> [TASK TO CARRY OUT]:
From the first line to the last, transcribe the data exactly.

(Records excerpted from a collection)
-*-

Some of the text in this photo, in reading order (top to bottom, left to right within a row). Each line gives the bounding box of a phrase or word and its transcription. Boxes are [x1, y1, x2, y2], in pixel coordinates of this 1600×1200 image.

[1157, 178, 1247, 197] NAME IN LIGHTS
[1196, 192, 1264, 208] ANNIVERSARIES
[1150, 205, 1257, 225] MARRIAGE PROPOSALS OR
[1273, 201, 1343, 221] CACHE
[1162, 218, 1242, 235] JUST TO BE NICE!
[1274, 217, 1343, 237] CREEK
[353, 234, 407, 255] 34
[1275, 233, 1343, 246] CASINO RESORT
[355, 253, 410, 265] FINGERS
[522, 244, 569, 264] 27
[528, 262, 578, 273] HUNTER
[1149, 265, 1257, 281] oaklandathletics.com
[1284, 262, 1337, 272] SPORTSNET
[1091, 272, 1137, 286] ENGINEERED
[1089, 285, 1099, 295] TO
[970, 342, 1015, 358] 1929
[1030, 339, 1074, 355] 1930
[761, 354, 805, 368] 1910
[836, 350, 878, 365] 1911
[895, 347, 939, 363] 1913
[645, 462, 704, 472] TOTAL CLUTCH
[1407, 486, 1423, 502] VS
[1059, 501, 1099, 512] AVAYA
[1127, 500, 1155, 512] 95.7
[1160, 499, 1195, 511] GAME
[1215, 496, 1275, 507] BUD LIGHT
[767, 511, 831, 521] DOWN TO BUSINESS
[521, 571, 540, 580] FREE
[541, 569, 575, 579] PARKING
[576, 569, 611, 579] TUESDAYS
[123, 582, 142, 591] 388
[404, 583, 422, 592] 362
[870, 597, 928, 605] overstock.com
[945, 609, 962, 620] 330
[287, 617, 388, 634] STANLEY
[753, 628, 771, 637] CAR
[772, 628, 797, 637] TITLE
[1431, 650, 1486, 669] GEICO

-*-

> [EXERCISE RESPONSE]:
Some of the text in this photo, in reading order (top to bottom, left to right within a row). Each line gives the bounding box of a phrase or word and its transcription. Boxes are [x1, y1, x2, y2], in pixel coordinates of this 1600×1200 image.

[1157, 178, 1247, 197] NAME IN LIGHTS
[1196, 192, 1264, 208] ANNIVERSARIES
[1150, 205, 1257, 225] MARRIAGE PROPOSALS OR
[1273, 201, 1343, 221] CACHE
[1162, 218, 1242, 235] JUST TO BE NICE!
[1274, 217, 1343, 237] CREEK
[353, 234, 407, 255] 34
[1275, 233, 1343, 246] CASINO RESORT
[355, 253, 410, 265] FINGERS
[522, 244, 569, 264] 27
[528, 262, 578, 273] HUNTER
[1149, 265, 1257, 281] oaklandathletics.com
[1284, 262, 1337, 272] SPORTSNET
[1091, 272, 1137, 286] ENGINEERED
[1089, 285, 1099, 295] TO
[970, 342, 1015, 358] 1929
[1030, 339, 1074, 355] 1930
[761, 354, 805, 368] 1910
[836, 350, 878, 365] 1911
[895, 347, 939, 363] 1913
[645, 462, 704, 472] TOTAL CLUTCH
[1407, 486, 1423, 502] VS
[1059, 501, 1099, 512] AVAYA
[1127, 500, 1155, 512] 95.7
[1160, 499, 1195, 511] GAME
[1215, 496, 1275, 507] BUD LIGHT
[767, 511, 831, 521] DOWN TO BUSINESS
[521, 571, 540, 580] FREE
[541, 569, 575, 579] PARKING
[576, 569, 611, 579] TUESDAYS
[123, 582, 142, 591] 388
[404, 583, 422, 592] 362
[870, 597, 928, 605] overstock.com
[945, 609, 962, 620] 330
[287, 617, 388, 634] STANLEY
[753, 628, 771, 637] CAR
[772, 628, 797, 637] TITLE
[1431, 650, 1486, 669] GEICO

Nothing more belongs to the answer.